## [Provided material]
********

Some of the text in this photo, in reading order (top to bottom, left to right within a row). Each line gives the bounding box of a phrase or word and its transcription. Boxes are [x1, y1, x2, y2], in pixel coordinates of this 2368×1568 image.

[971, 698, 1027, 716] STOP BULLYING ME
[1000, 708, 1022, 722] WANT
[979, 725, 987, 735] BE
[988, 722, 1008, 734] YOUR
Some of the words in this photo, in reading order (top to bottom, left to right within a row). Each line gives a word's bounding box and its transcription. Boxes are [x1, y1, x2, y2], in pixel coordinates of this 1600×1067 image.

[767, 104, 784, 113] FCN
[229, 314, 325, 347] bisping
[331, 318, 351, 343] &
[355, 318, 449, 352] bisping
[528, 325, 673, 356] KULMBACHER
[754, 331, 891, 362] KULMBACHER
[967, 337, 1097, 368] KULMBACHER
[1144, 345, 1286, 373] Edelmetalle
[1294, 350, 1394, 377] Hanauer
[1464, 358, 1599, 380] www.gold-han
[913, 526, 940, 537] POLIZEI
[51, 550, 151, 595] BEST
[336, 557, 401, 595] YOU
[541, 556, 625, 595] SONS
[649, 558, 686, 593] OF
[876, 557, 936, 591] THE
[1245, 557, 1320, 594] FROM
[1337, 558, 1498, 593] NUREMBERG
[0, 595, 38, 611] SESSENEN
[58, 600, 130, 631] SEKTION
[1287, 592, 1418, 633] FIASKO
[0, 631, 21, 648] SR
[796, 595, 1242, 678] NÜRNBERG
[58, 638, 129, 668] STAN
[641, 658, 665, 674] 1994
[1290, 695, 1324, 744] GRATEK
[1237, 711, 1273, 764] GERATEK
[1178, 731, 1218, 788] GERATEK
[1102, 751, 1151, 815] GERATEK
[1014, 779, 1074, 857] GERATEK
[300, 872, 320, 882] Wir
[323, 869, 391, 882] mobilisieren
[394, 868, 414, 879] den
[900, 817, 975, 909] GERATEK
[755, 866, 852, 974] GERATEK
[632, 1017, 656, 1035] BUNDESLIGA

********

## [Work instruction]
Each line of the records must be reproduced exactly.

## [Problem solution]
Some of the text in this photo, in reading order (top to bottom, left to right within a row). Each line gives the bounding box of a phrase or word and its transcription. Boxes are [x1, y1, x2, y2], in pixel coordinates of this 2368×1568 image.

[971, 698, 1027, 716] STOP BULLYING ME
[1000, 708, 1022, 722] WANT
[979, 725, 987, 735] BE
[988, 722, 1008, 734] YOUR
Some of the words in this photo, in reading order (top to bottom, left to right within a row). Each line gives a word's bounding box and its transcription. Boxes are [x1, y1, x2, y2], in pixel coordinates of this 1600×1067 image.

[767, 104, 784, 113] FCN
[229, 314, 325, 347] bisping
[331, 318, 351, 343] &
[355, 318, 449, 352] bisping
[528, 325, 673, 356] KULMBACHER
[754, 331, 891, 362] KULMBACHER
[967, 337, 1097, 368] KULMBACHER
[1144, 345, 1286, 373] Edelmetalle
[1294, 350, 1394, 377] Hanauer
[1464, 358, 1599, 380] www.gold-han
[913, 526, 940, 537] POLIZEI
[51, 550, 151, 595] BEST
[336, 557, 401, 595] YOU
[541, 556, 625, 595] SONS
[649, 558, 686, 593] OF
[876, 557, 936, 591] THE
[1245, 557, 1320, 594] FROM
[1337, 558, 1498, 593] NUREMBERG
[0, 595, 38, 611] SESSENEN
[58, 600, 130, 631] SEKTION
[1287, 592, 1418, 633] FIASKO
[0, 631, 21, 648] SR
[796, 595, 1242, 678] NÜRNBERG
[58, 638, 129, 668] STAN
[641, 658, 665, 674] 1994
[1290, 695, 1324, 744] GRATEK
[1237, 711, 1273, 764] GERATEK
[1178, 731, 1218, 788] GERATEK
[1102, 751, 1151, 815] GERATEK
[1014, 779, 1074, 857] GERATEK
[300, 872, 320, 882] Wir
[323, 869, 391, 882] mobilisieren
[394, 868, 414, 879] den
[900, 817, 975, 909] GERATEK
[755, 866, 852, 974] GERATEK
[632, 1017, 656, 1035] BUNDESLIGA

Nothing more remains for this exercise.